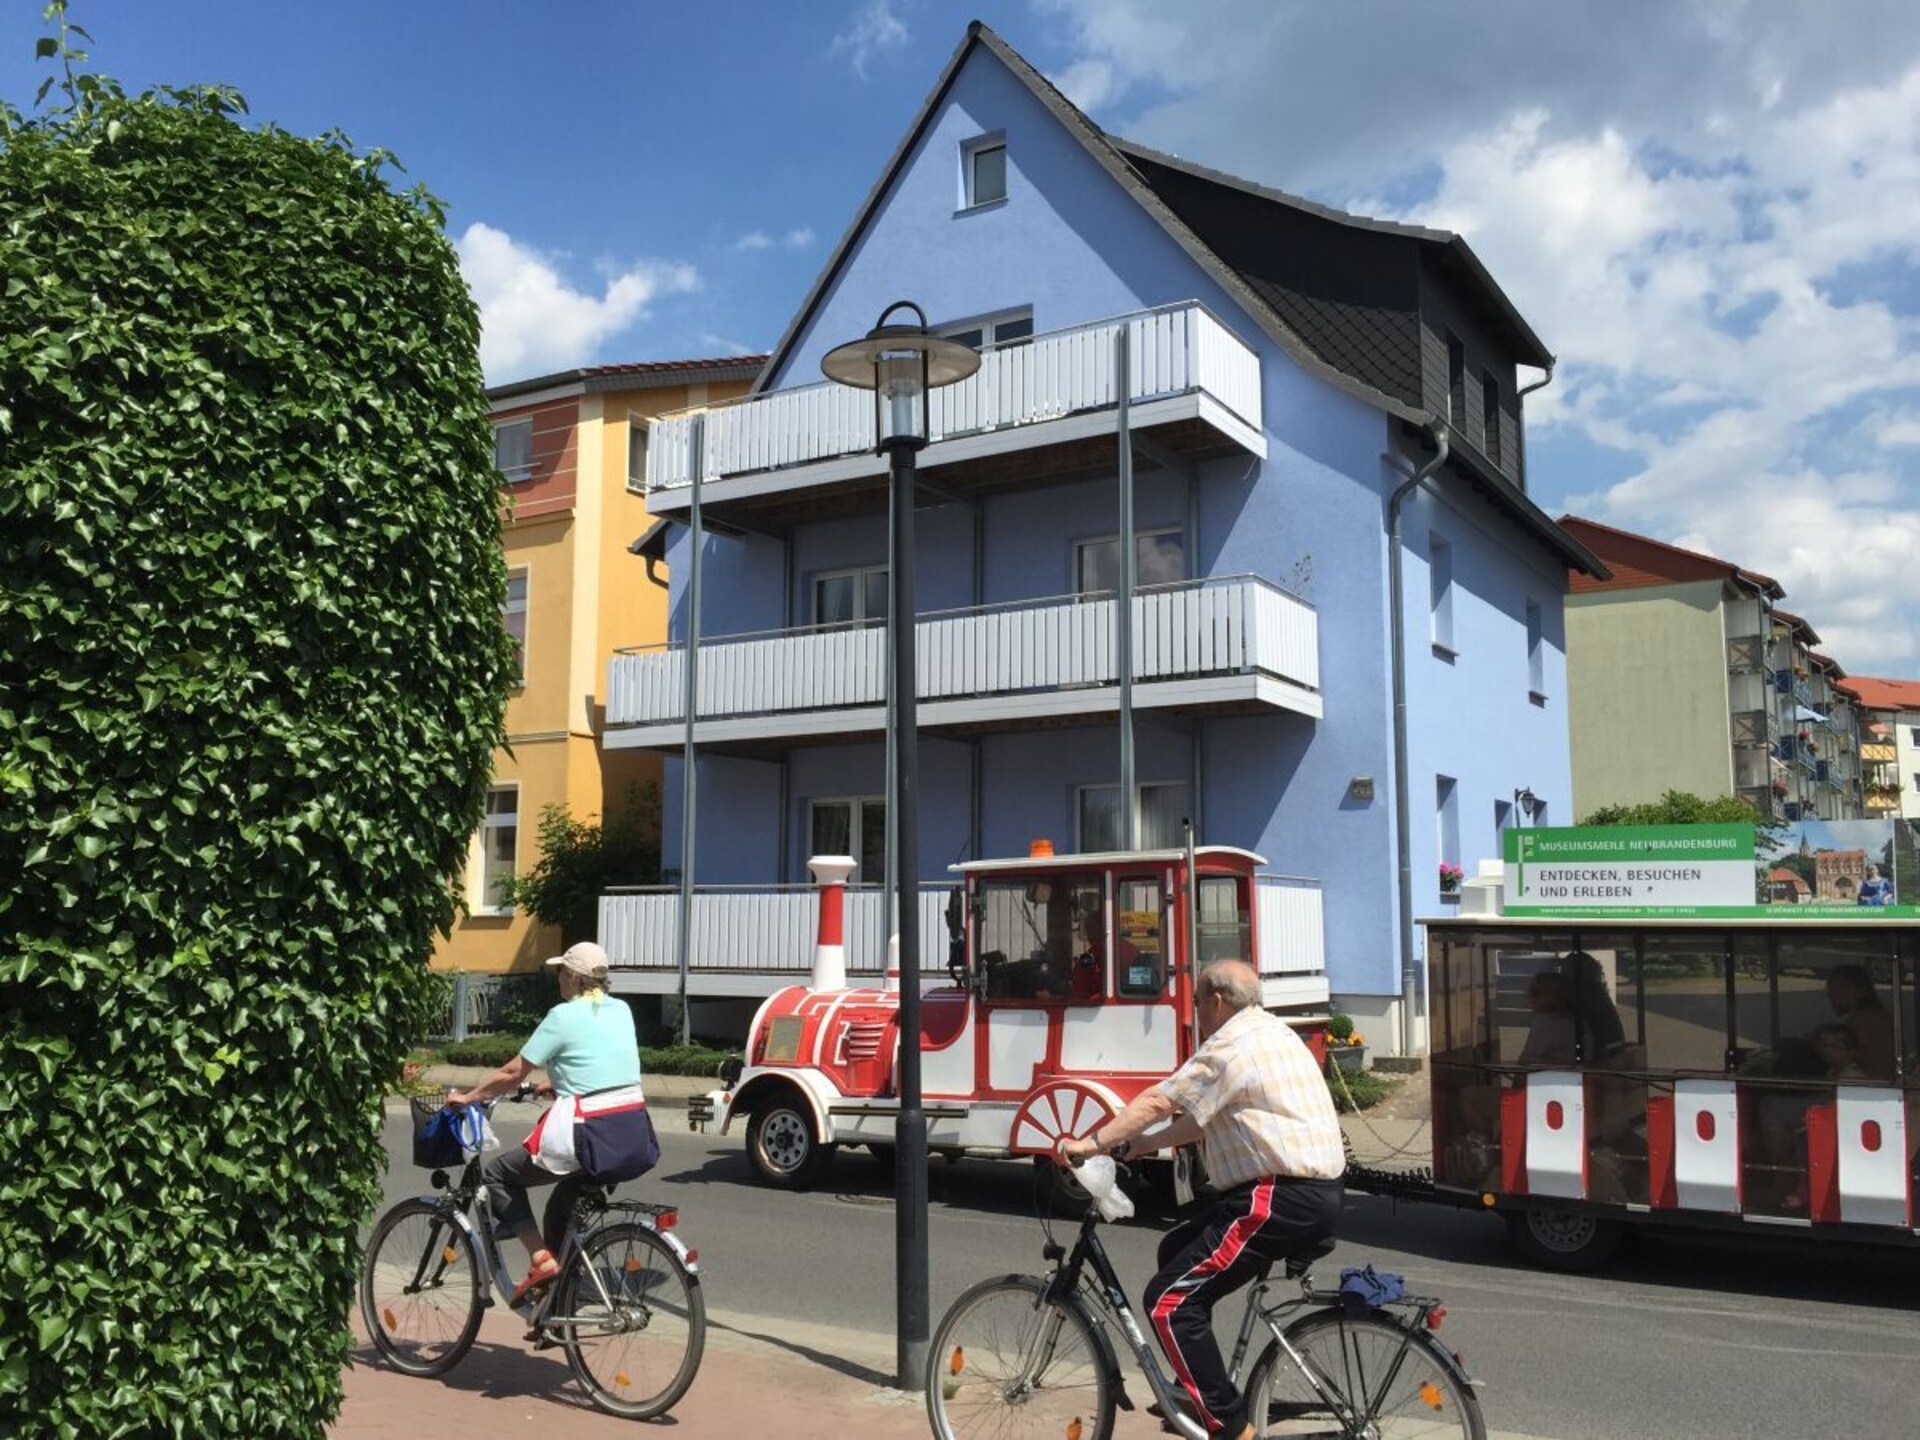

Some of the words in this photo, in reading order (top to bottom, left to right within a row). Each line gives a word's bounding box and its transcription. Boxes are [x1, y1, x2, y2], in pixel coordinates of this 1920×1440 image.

[1540, 840, 1626, 851] MUSEUMSMEILE
[1630, 838, 1737, 850] NEUBRANDENBURG
[1540, 869, 1622, 882] ENTDECKEN,
[1627, 868, 1702, 881] BESUCHEN
[1540, 886, 1568, 898] UND
[1573, 885, 1632, 898] ERLEBEN

......

_ASSIGNMENT_:
Would you restate the records above word for word and exclude the pictures?

_ANSWER SECTION_:
Some of the words in this photo, in reading order (top to bottom, left to right within a row). Each line gives a word's bounding box and its transcription. Boxes are [x1, y1, x2, y2], in pixel coordinates of this 1920×1440 image.

[1540, 840, 1626, 851] MUSEUMSMEILE
[1630, 838, 1737, 850] NEUBRANDENBURG
[1540, 869, 1622, 882] ENTDECKEN,
[1627, 868, 1702, 881] BESUCHEN
[1540, 886, 1568, 898] UND
[1573, 885, 1632, 898] ERLEBEN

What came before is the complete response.